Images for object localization
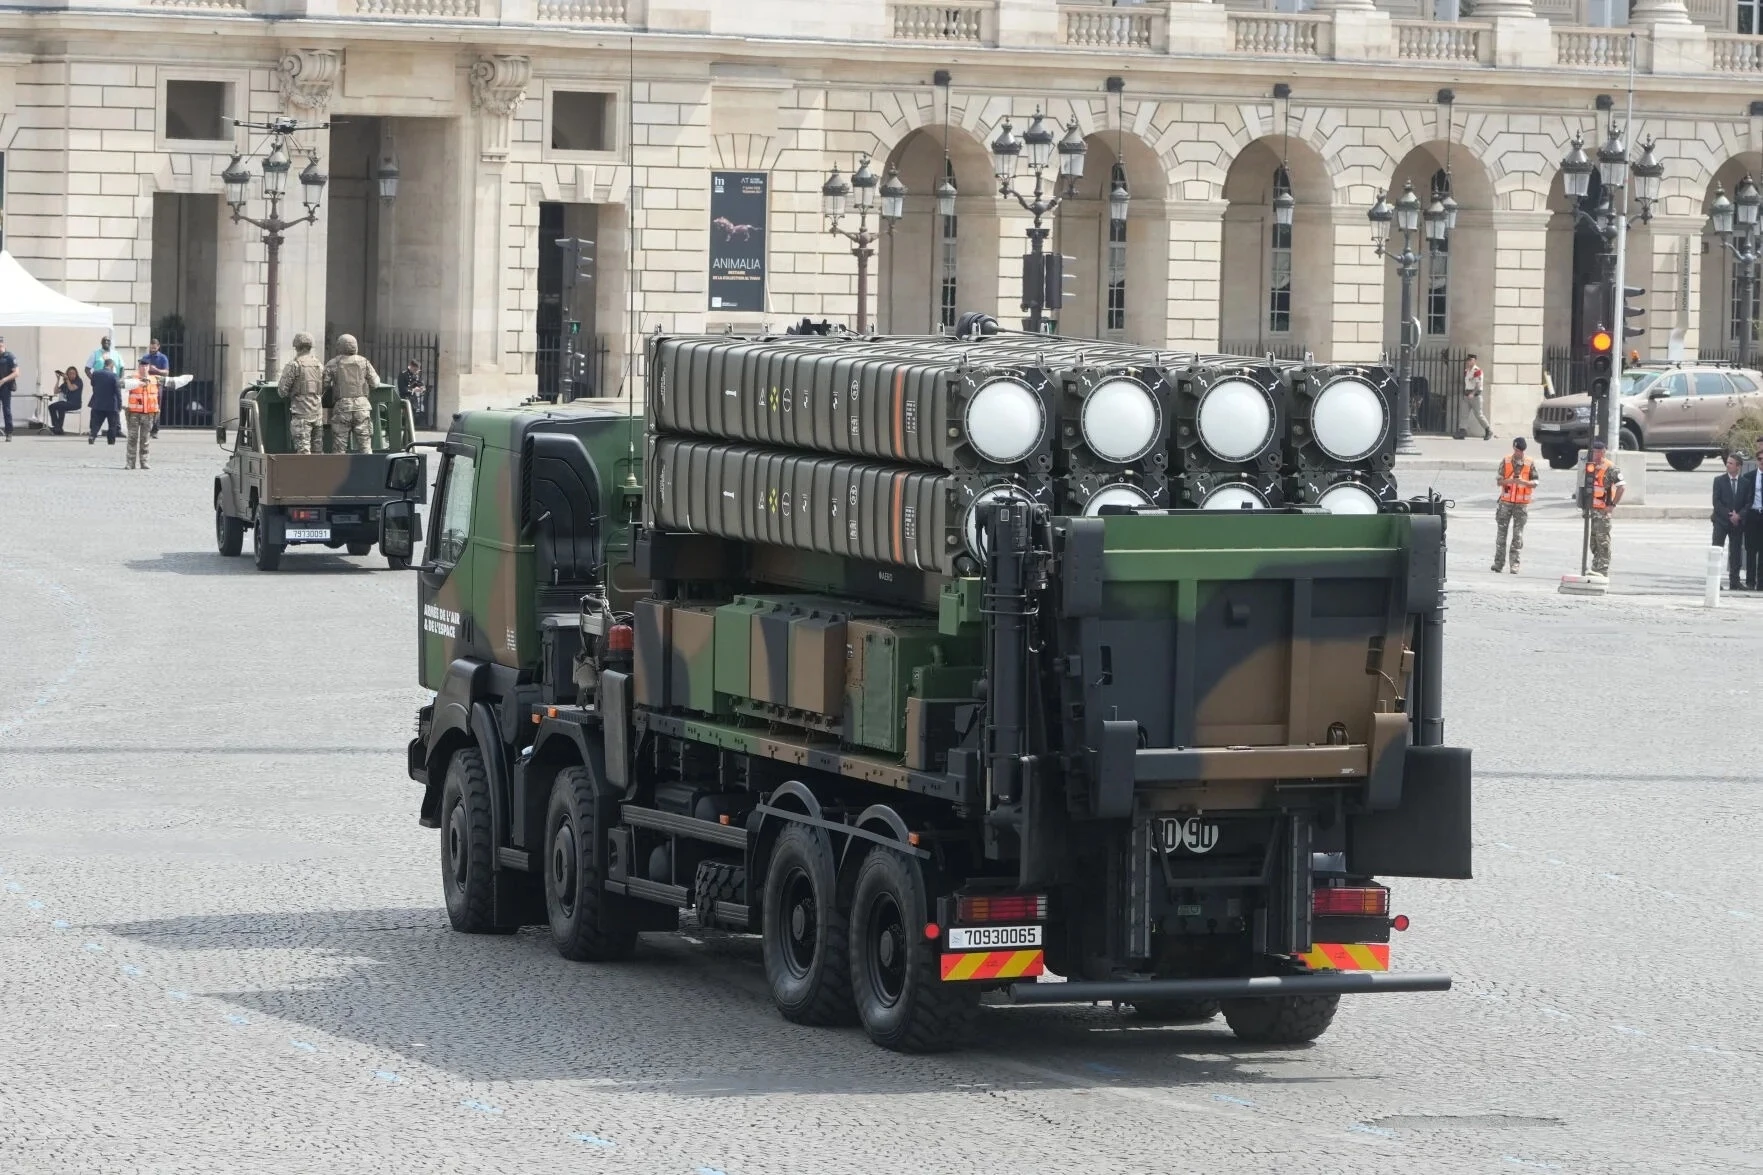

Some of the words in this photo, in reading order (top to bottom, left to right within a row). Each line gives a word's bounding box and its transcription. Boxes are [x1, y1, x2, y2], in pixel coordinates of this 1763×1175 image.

[713, 258, 761, 270] ANIMALIA
[439, 608, 446, 621] DE
[446, 611, 460, 625] L'AIR
[428, 619, 435, 633] DE
[435, 621, 456, 639] L'ESPACE
[964, 928, 1036, 945] 70930065
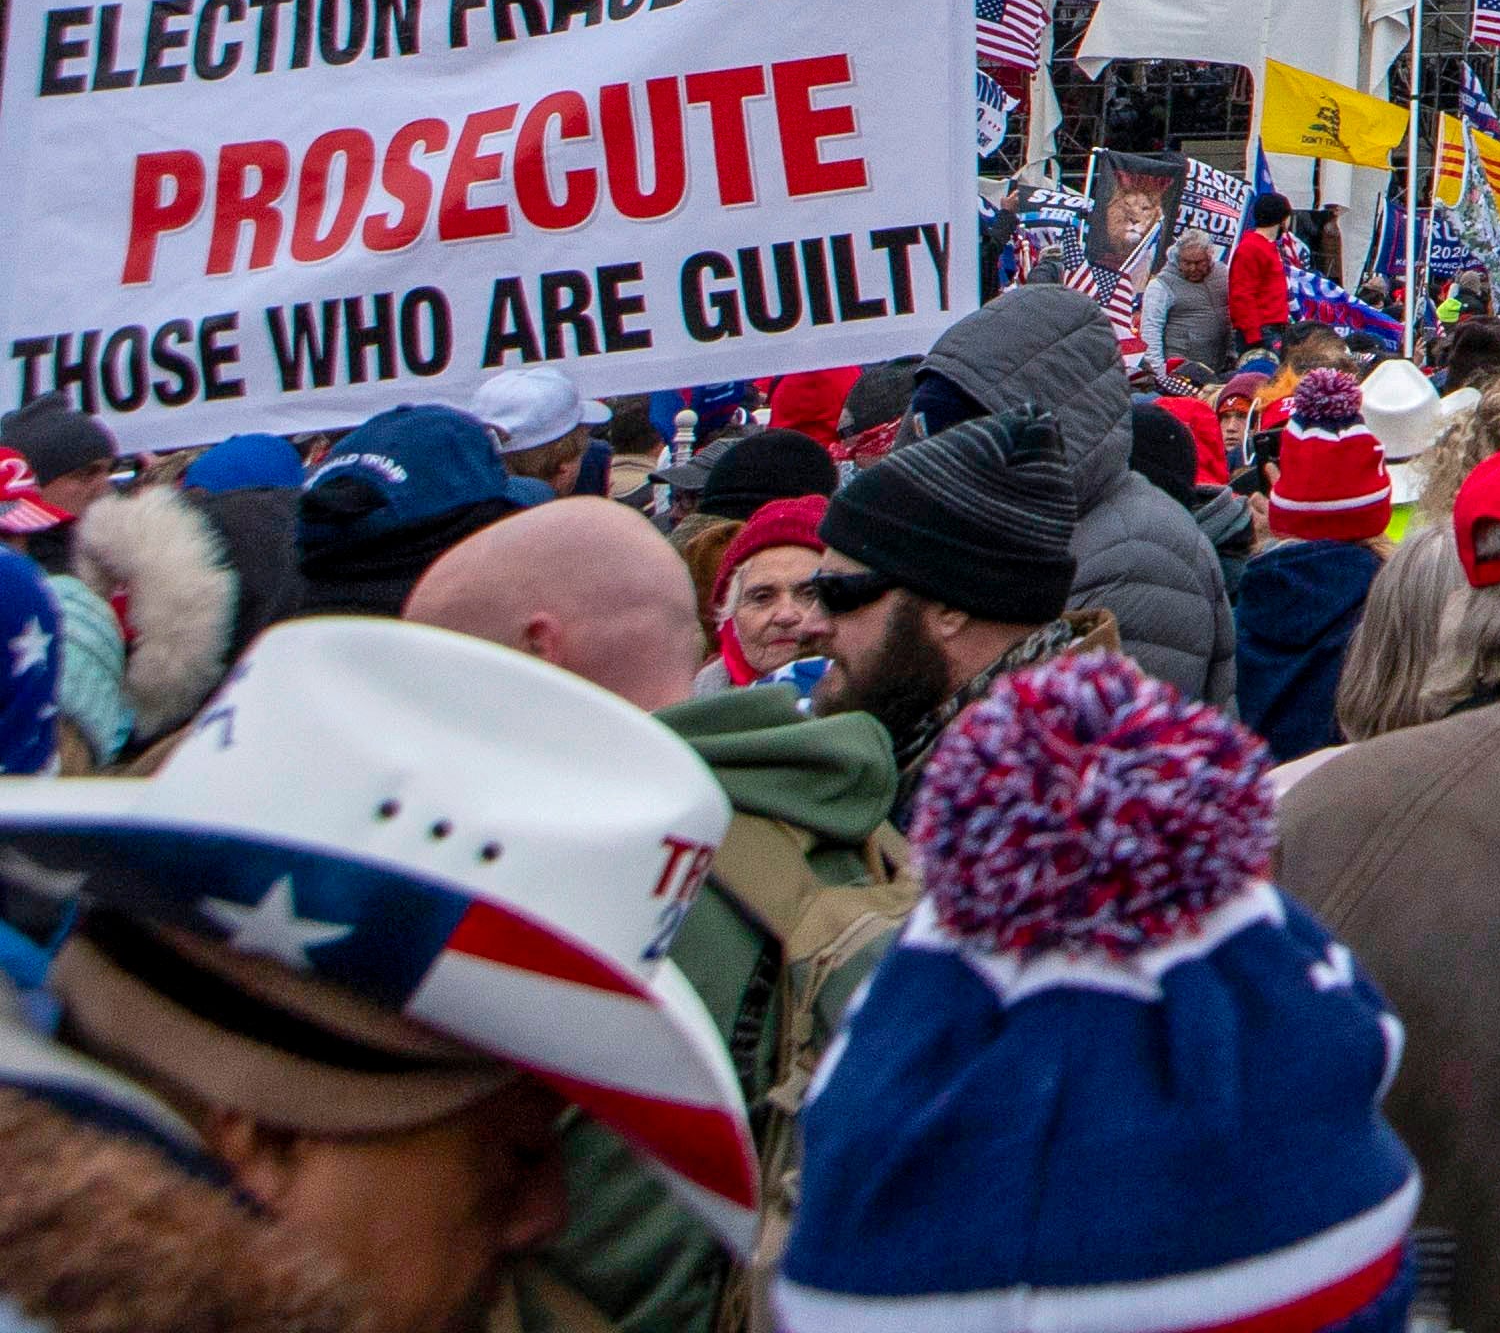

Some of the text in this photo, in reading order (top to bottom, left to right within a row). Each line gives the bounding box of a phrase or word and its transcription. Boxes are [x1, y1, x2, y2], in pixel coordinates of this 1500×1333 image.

[121, 54, 870, 286] PROSECUTE
[1196, 184, 1217, 200] MY
[1430, 243, 1470, 260] 2020
[11, 222, 951, 416] THOSE WHO ARE GUILTY
[358, 453, 409, 484] TRUMP

* _What is being asked_: In the copy, include no pictures; otherwise transcribe the entries exactly.

* _Answer to the problem_:
Some of the words in this photo, in reading order (top to bottom, left to right within a row). Each line gives a word's bounding box and its transcription. Boxes are [x1, y1, x2, y2], in pixel coordinates of this 1763×1175 image.

[713, 258, 761, 270] ANIMALIA
[439, 608, 446, 621] DE
[446, 611, 460, 625] L'AIR
[428, 619, 435, 633] DE
[435, 621, 456, 639] L'ESPACE
[964, 928, 1036, 945] 70930065

Some of the text in this photo, in reading order (top to bottom, left to right within a row). Each line gives the bounding box of a phrase or word and its transcription. Boxes are [x1, y1, x2, y2], in pixel coordinates of this 1500×1333 image.

[121, 54, 870, 286] PROSECUTE
[1196, 184, 1217, 200] MY
[1430, 243, 1470, 260] 2020
[11, 222, 951, 416] THOSE WHO ARE GUILTY
[358, 453, 409, 484] TRUMP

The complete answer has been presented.